Michael Rowe

Trying to get better at getting better

My take is that the web could feel warmer and more lively than it is. Visiting a webpage could feel a little more like visiting a park and watching the world go by. Visiting my homepage could feel just a tiny bit like stopping by my home.

Webb, M. (2020). Social attention: a modest prototype in shared presence.

I like the idea behind this very simple prototype on Matt Webb’s site; it’s basically a way to see if anyone else is looking at the same page at the same time as you. It’s different to annotation and comments; you can’t interact with the other visitor in any way, other than seeing that they’re there and if they’re highlighting any text. It also feels more qualitative, by which I mean that there’s a subjective experiential feeling knowing that someone else is here. It conveys a sense of shared presence that you don’t get with most of the asynchronous interaction tools currently available.

Anonymous shared attention is a nod towards a web which is social in the sense of “being together” but not social in the sense of “collaboration” or “media.”

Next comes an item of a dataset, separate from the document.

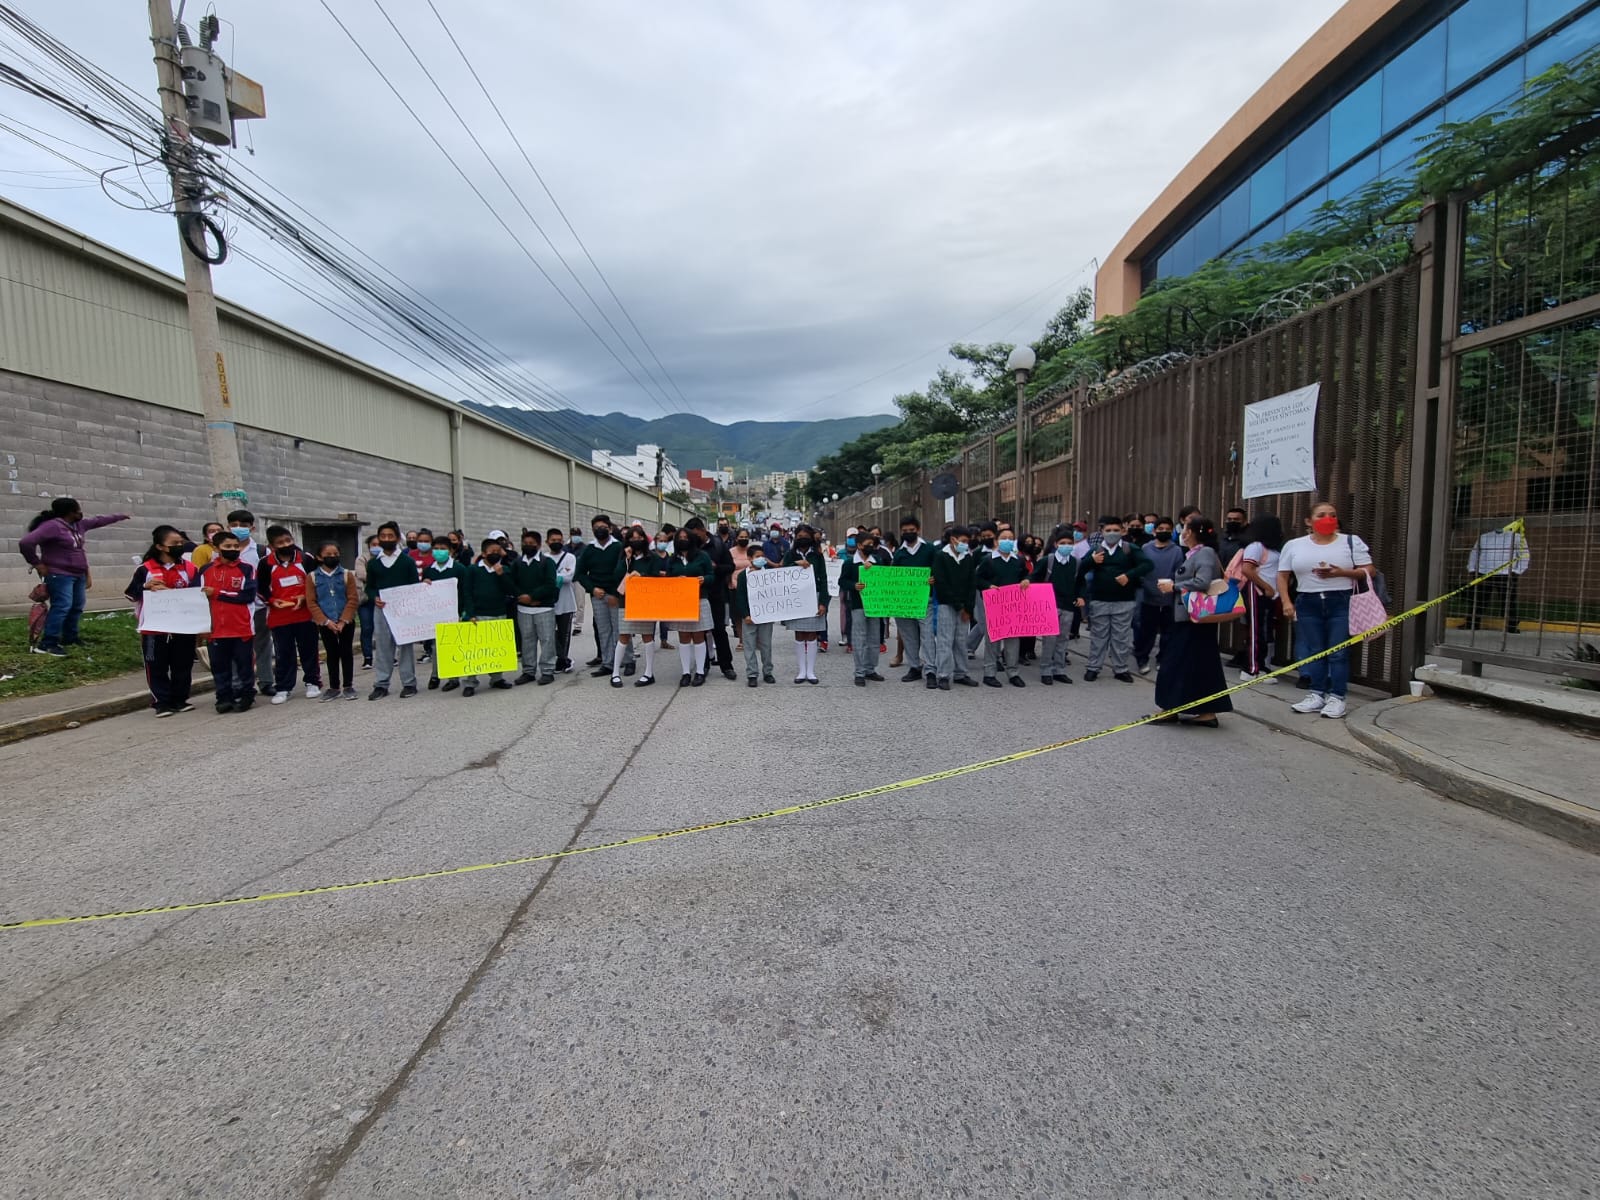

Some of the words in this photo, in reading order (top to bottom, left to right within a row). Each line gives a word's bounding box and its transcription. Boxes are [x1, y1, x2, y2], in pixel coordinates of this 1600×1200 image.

But more than what the technology currently allows, I appreciated the idea behind what Matt is trying to do. It reminded me of a conversation I was having with Ben earlier this year when we were bouncing around some ideas of what we might do with the In Beta website. Here’s an excerpt from the notes I took after that meeting:

…instead of arriving on the home page to be greeted with a menu of types of content you can select from (podcast, newsletter, project), it’s more like dropping in halfway through a conversation between friends. Where you can join in and add something. Or not. Maybe you just want to listen in. What might that look like? What technology might facilitate that? Where the formal knowledge claims of how the world works can live alongside the graffiti, the sticky note, the silent reflection, and the primal scream?

I have no idea how such a webpage might work, or even if it’s possible. But I do know that it’s an online space that I’d like to visit and spent time in.